[Annotated photo localization data]
=====

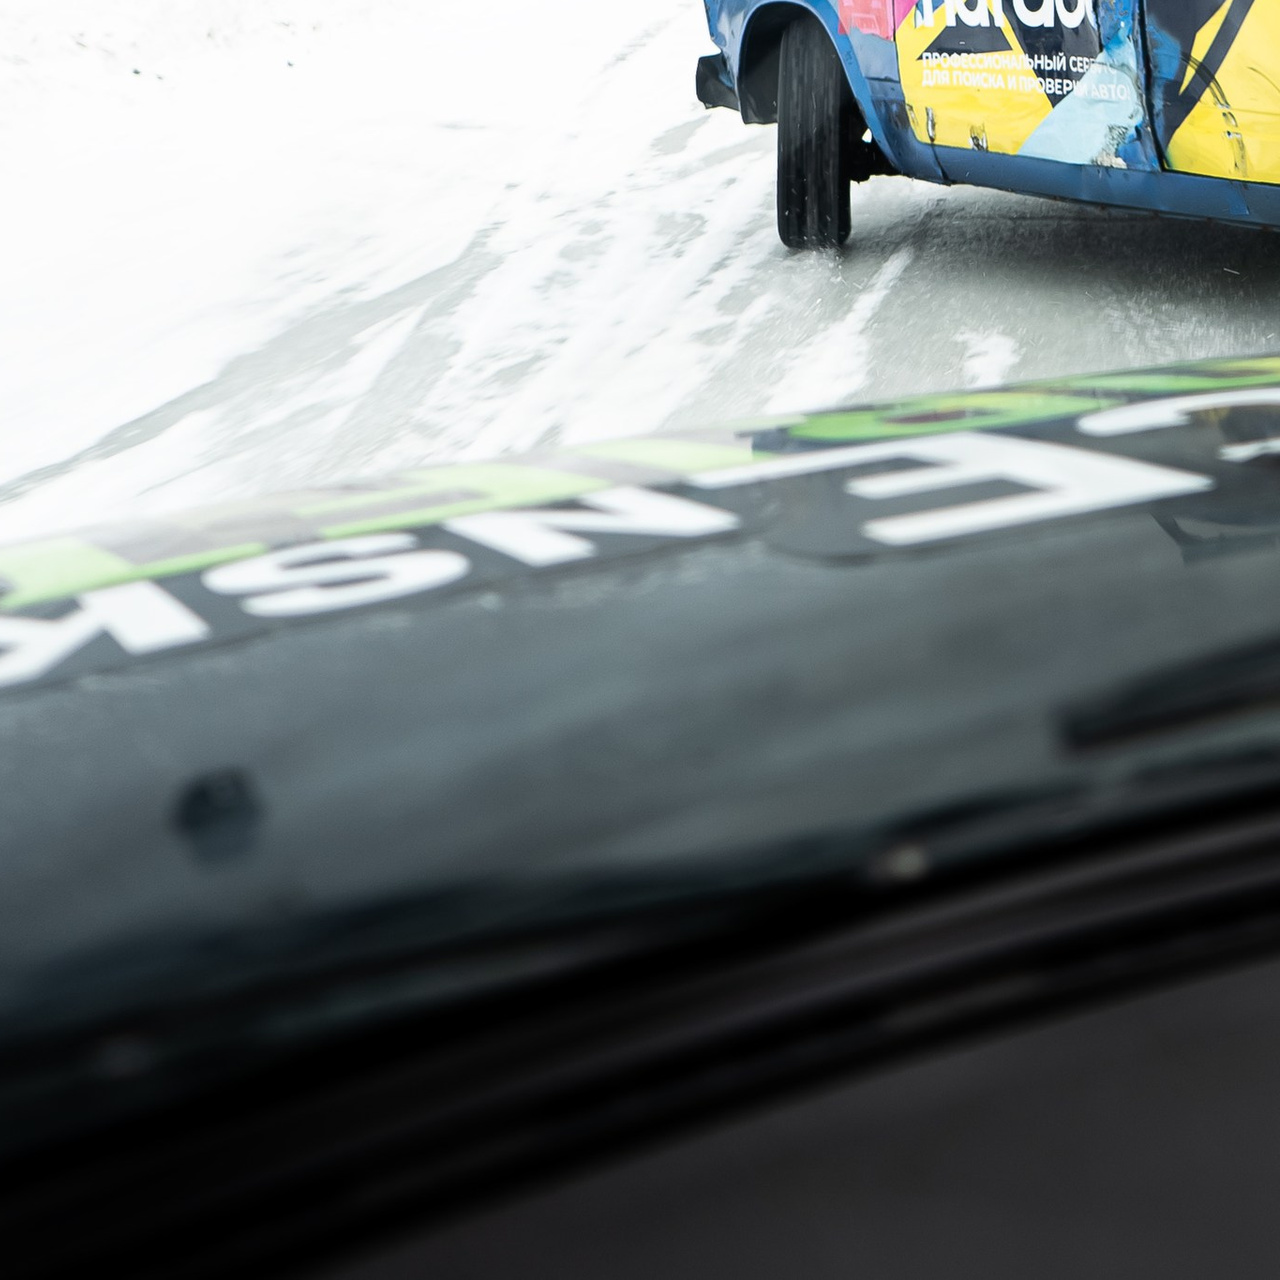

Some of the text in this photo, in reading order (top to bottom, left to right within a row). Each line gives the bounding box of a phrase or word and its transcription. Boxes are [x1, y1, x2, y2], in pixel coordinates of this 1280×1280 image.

[921, 51, 1067, 72] ПРОФЕССИОНАЛЬНЫЙ
[921, 69, 949, 88] ДЛЯ
[952, 71, 1005, 89] ПОИСКА
[1007, 76, 1017, 91] И
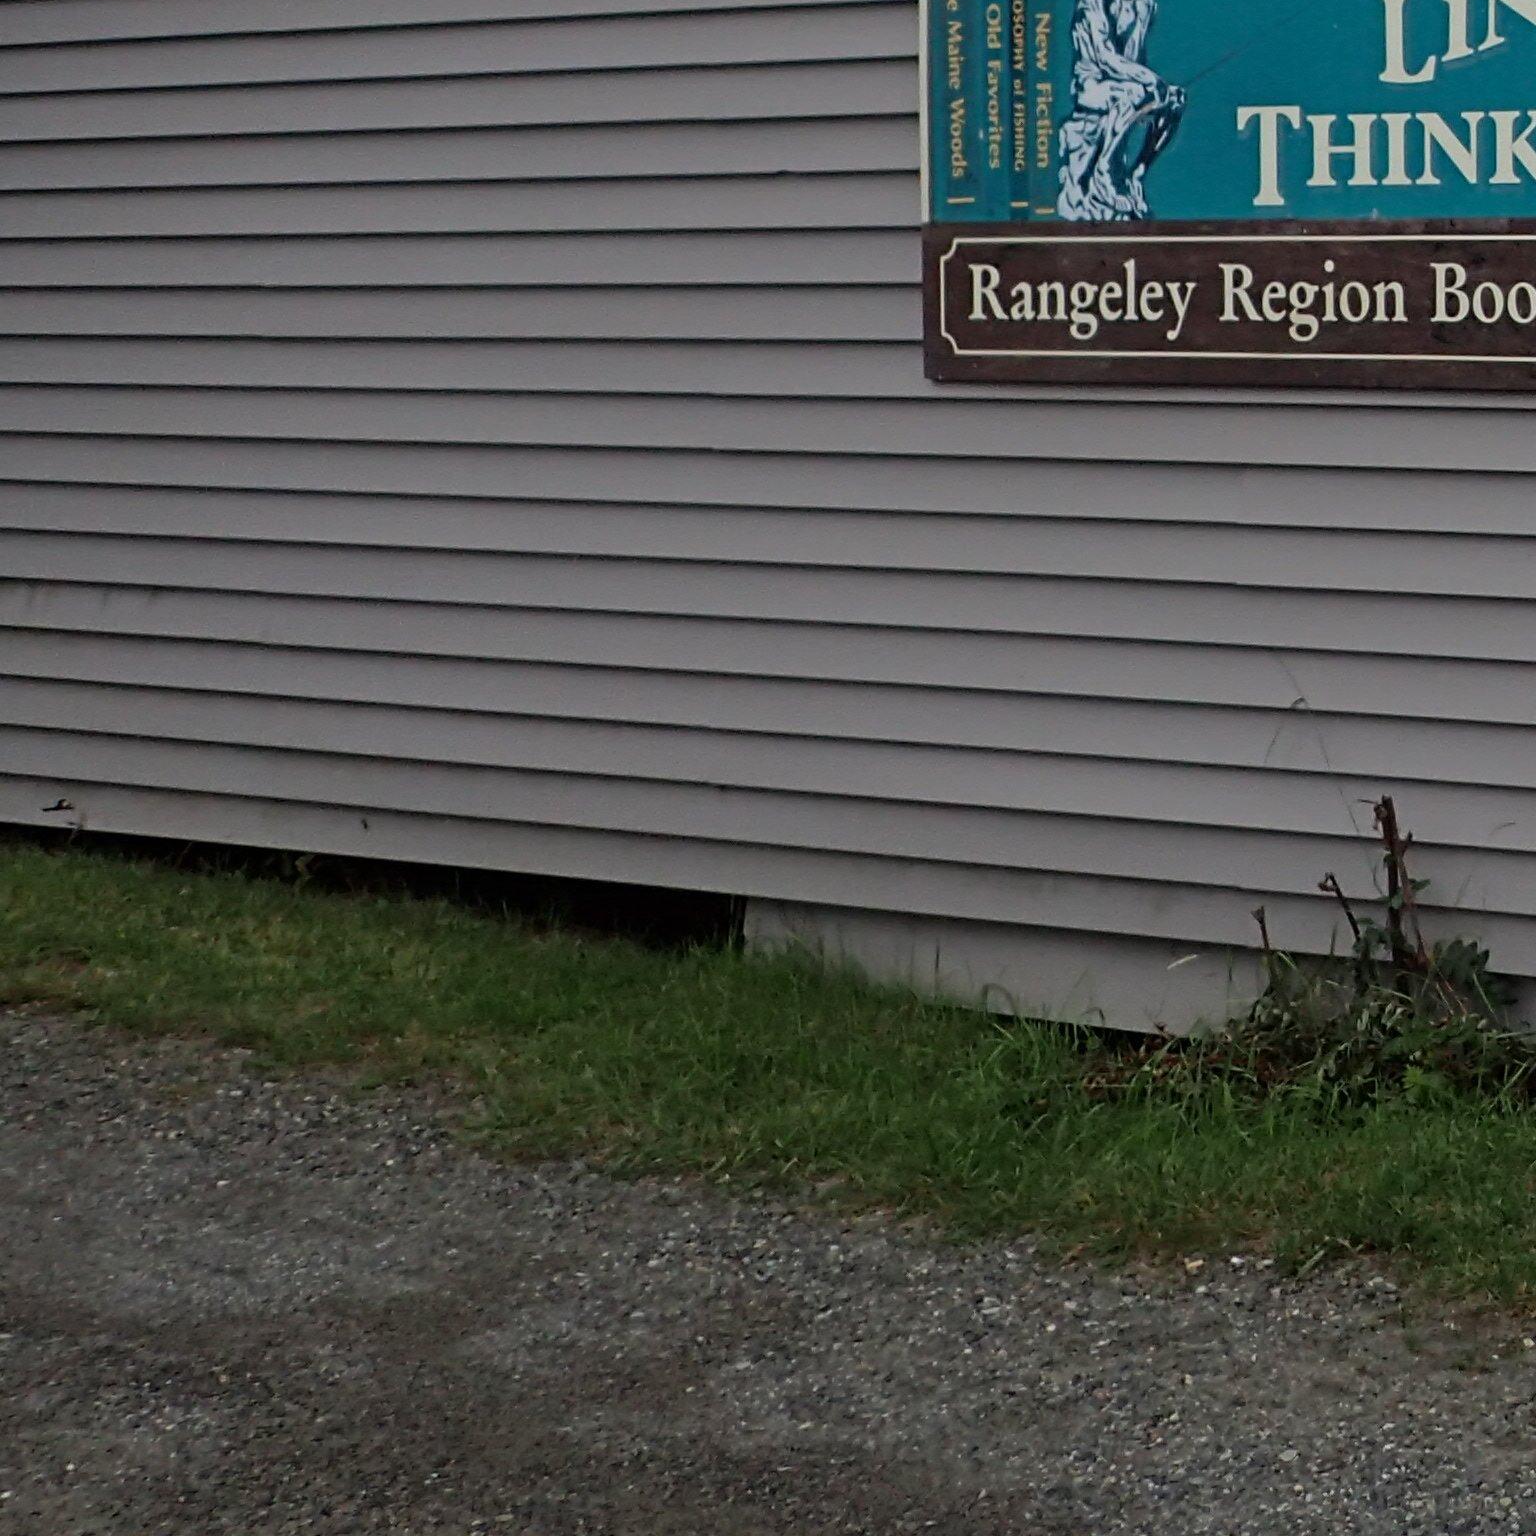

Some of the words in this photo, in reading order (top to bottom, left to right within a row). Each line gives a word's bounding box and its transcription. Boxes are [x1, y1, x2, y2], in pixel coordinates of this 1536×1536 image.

[947, 21, 967, 89] Maine
[986, 3, 1002, 49] Old
[1034, 12, 1052, 71] New
[948, 98, 968, 177] Woods
[986, 61, 1004, 169] Favorites
[1035, 83, 1053, 168] Fiction
[968, 259, 1195, 341] Rangeley
[1219, 259, 1408, 343] Region

=====

--- Description of the task ---
All the lines above are to be given again exactly as they read, with the pictures removed.

--- Solved exercise ---
Some of the text in this photo, in reading order (top to bottom, left to right within a row). Each line gives the bounding box of a phrase or word and its transcription. Boxes are [x1, y1, x2, y2], in pixel coordinates of this 1280×1280 image.

[921, 51, 1067, 72] ПРОФЕССИОНАЛЬНЫЙ
[921, 69, 949, 88] ДЛЯ
[952, 71, 1005, 89] ПОИСКА
[1007, 76, 1017, 91] И

Some of the words in this photo, in reading order (top to bottom, left to right within a row). Each line gives a word's bounding box and its transcription. Boxes are [x1, y1, x2, y2], in pixel coordinates of this 1536×1536 image.

[947, 21, 967, 89] Maine
[986, 3, 1002, 49] Old
[1034, 12, 1052, 71] New
[948, 98, 968, 177] Woods
[986, 61, 1004, 169] Favorites
[1035, 83, 1053, 168] Fiction
[968, 259, 1195, 341] Rangeley
[1219, 259, 1408, 343] Region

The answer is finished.